I’m not proud of it, but as a parent I’m biased against wordless picture books. What am I doing wrong that I don’t enjoy this kind of storytelling as much? Nothing — except I could be lazier if my kid “read” me the story occasionally, instead of the other way around. Bedrick slipped another book in front of me:
Seasons by French author-illustrator Blexbolex. “I’ve gotten emails from people about this book,” said Bedrick, “about how their little girl puts this book under her pillow to sleep with it at night. Now a lot of parents look at it and say: ‘Oh, French graphic design — that’s an
adult book.’ And
Seasons has had a lively time in the adult world: one Christmas it was carried in Paul Smith and Anthropologie.”

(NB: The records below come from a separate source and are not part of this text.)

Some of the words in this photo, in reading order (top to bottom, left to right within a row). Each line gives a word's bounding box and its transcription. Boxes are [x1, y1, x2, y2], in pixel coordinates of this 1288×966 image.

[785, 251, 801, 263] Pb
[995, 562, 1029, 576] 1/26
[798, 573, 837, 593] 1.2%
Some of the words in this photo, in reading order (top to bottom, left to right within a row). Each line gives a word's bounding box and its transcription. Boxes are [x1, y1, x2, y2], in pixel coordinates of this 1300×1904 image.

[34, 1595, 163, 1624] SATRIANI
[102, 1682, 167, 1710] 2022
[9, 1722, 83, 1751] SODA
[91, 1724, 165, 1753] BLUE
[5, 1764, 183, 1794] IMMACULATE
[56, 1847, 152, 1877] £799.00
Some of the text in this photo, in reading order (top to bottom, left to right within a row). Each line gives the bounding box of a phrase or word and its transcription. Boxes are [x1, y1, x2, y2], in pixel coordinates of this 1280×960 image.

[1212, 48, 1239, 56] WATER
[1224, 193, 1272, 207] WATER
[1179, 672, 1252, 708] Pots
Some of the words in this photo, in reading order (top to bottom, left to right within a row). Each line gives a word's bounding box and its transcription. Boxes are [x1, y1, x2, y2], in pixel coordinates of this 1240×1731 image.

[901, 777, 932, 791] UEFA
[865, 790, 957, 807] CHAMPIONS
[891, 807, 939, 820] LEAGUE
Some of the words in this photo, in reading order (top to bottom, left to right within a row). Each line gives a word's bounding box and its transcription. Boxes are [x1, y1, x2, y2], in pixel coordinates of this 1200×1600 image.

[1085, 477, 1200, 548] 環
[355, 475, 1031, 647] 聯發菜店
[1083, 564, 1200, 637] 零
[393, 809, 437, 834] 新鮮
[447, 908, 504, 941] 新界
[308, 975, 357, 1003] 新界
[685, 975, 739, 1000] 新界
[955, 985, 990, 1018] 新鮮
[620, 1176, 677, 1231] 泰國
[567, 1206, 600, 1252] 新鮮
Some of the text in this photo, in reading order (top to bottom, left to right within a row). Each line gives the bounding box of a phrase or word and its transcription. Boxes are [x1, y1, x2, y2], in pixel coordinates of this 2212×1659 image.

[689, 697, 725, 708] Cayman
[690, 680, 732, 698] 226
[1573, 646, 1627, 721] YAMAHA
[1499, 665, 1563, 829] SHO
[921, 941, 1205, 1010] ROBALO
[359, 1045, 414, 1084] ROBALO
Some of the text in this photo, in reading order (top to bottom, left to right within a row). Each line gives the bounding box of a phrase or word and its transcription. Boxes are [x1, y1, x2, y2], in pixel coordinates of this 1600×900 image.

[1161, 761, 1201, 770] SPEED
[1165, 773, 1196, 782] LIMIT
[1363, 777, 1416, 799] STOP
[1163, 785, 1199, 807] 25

This nearly-wordless book cycles a child through the seasons repeatedly with a flow of evocative objects: ice cream, sunburn, apple orchards, frosted windowpanes, then dizzyingly onward. Wordless books can help children with reading issues via indirect means. By parsing the pictures first, they gain purchase necessary to tackle the words. Wordless books “prompt questions on the direction of narrative and what’s happening on the page,” said Drumwright. “It’s a kind of engagement [with reading] you don’t often see.”
Bedrick handed me next
The Forest by Italian author Riccardo Bozzi and co-illustrated by two Spaniards, Violeta Lopiz and Valerio Vidali. This book reveals perhaps the biggest enthusiasm common to picture books and graphic designers: both are suckers for print culture. With illustrations plus die-cuts, embossing, cut-outs and gate folds,
The Forest uses innovative printing techniques to draw readers into a leafy, green, silent world with all their senses alert. Bedrick opens to a spread in which the protagonists enter a forest clearing, a temporary pause in both the book’s action and its dense backdrop of trees. Bedrick recalled a conversation she had with the illustrators about “the separation of the body from this clearing. Could we push the thinking of the clearing into more of a bodily experience? The result is really gorgeous.” You can almost feel your feet throbbing and your breathing slow, in extra-oxygenated air.
Designers face the problem of repetition constantly in their work: they field the same requests for websites, logos, annual reports, yet must deliver a fresh jolt each time. The resulting designs often repeats for end-users too — while hopefully retaining some zing at each new encounter. Repetition is big within picture books, too, whose density must unfold over multiple — what can feel like zillions — of repeat readings. Children may abandon a book for a time, then re-open it years later and find more inside: same book, same but different kid. How does repetition figure into Bedrick’s work as an editor? “If a story is listless or monotonous, if we can’t look at it a hundred times, then we’re certainly not going to publish the book,” Bedricks said. “You hope there are enough layers of intrigue, a sense of mystery and density so that as a child moves through time themselves, they’ll find different possibilities within it.” That pleasing density doesn’t automatically mean illustrations cluttered with detail, either; a strong, weird, evocative idea can stay interesting with simple visuals.
Bedrick looks for “vitality of line” in illustrators, encouraging the notion that a great picture book assumes a kind of numinous, independent life over time. Like the Velveteen Rabbit, the goal of any picture book is to become battered and realer with repeated readings: evidence of being loved.